On a dreary November day they dare me to be depressed, and guess what? Not going to happen.

Saturday, January 31, 2009

Thanks to the Hank

I never thought that I would admit this to anyone, but, okay, here goes . . . I can’t get enough of this winter.

Seriously. I’m not being sarcastic. I really love it.

And, it has nothing to do with my meds, but everything to do with the Henry Aaron State Trail. And Seamus, my black Lab.

I started walking down there in the fall after my dog Harvey – a 13 year old Golden Retriever – died. See, we had known that Harv was going down hill for awhile, so we got a back up dog, the black lab, but, see, I had forgotten what a puppy was like, energywise, since for the past 6 years, Harvey was pretty much like an 80 pound cat.

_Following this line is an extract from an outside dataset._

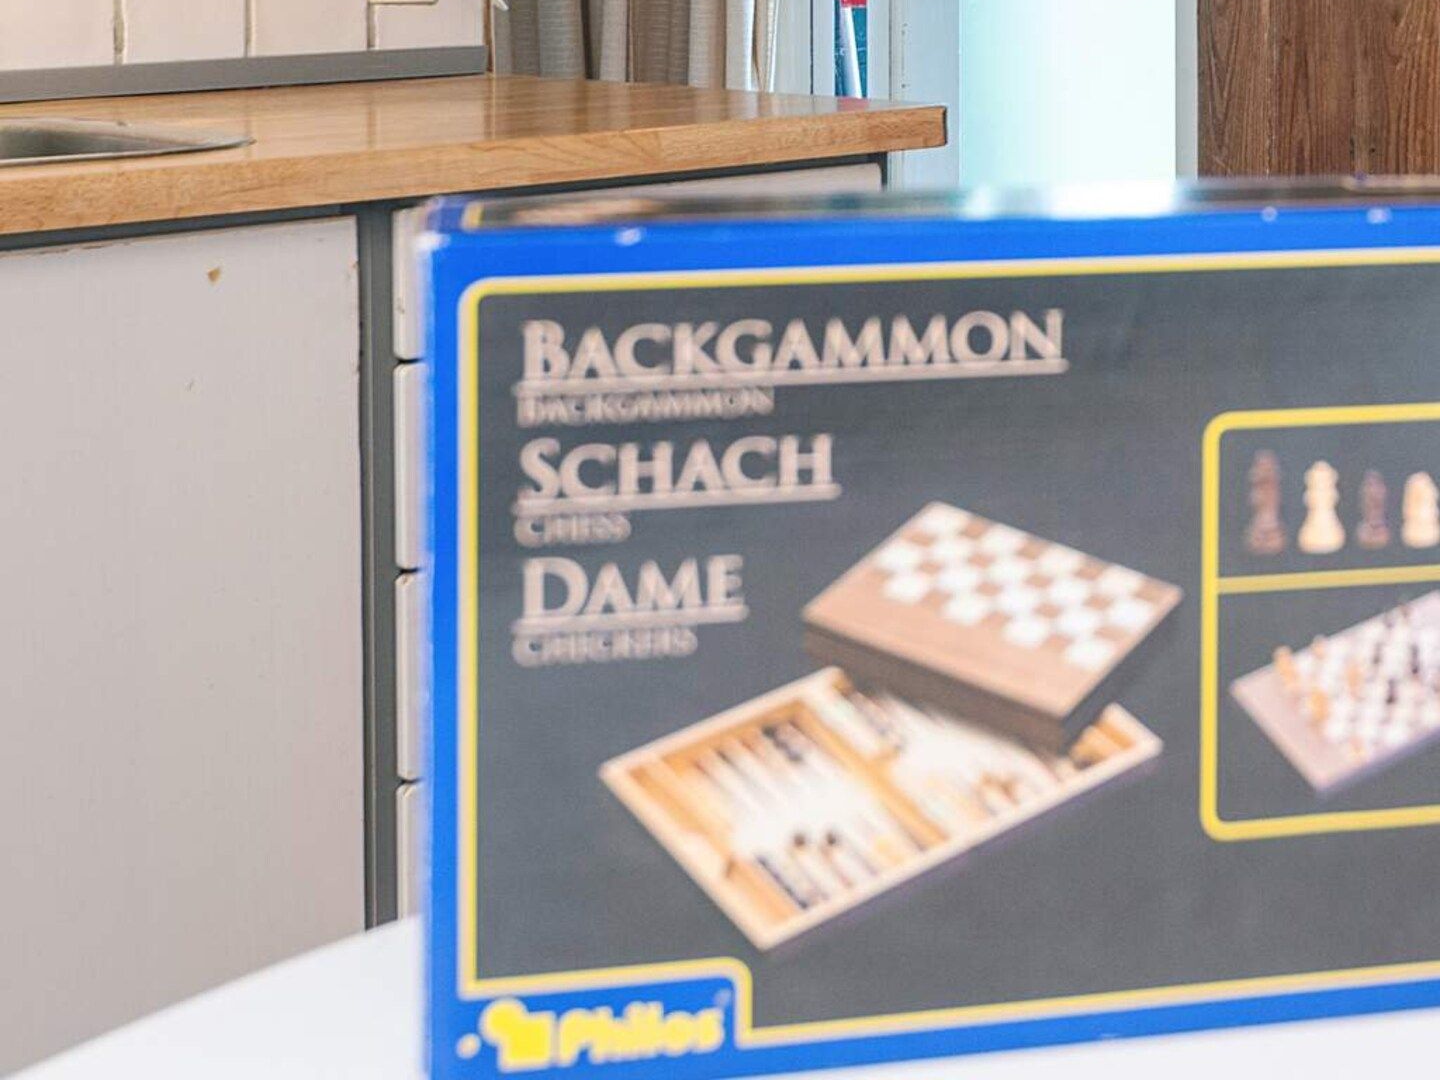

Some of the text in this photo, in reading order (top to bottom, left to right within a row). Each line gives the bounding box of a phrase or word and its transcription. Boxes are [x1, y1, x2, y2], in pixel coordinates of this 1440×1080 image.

[520, 308, 1066, 381] BACKGAMMON
[518, 432, 836, 500] SCHACH
[521, 554, 746, 620] DAME

Seamus and his litter mates were born out in the wilds of Waukesha County on a 20 acre spread with a small lake and horses! Labrador Nirvana. What could I offer him? Oh, a double city lot with something that passed for a lawn and miles of concrete. Nice! My guilt-o-meter went into overdrive.

Walks around the neighborhood were all fine and dandy, but . . . this dog was wired for running and water and better yet, running into water. But where?

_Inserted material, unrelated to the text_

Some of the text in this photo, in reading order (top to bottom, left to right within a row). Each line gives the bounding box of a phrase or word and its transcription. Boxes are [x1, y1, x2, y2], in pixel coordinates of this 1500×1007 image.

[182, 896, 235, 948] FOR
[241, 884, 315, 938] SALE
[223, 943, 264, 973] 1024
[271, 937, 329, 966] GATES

Enter the Hank. It met all the requirements. Close. Accessible. Water. Open spaces. Plenty of stuff to roll in and muck to muck in.

Oh, and let it be known that I always pick up after my dog – those Milwaukee Journal Sentinel bags are soo handy! And that he is never allowed to be off his lead. We met a Brittany Spaniel down on the river bank, once, ambling along, ignoring his owner who yelled and whistled in the parking lot. Some people!

Not only is the walk on the Hank great for the dog, it’s great for me. My doctor told me that I had to get more exercise. She recommended a tread mill. A tread mill? On a tread mill, I would never get to see leopard frogs, a north american mink, red-tailed hawks, great blue herons, salmon, brown trout, not to mention wild flowers, which I love, but Seamus only cares about when it comes time for him to pee.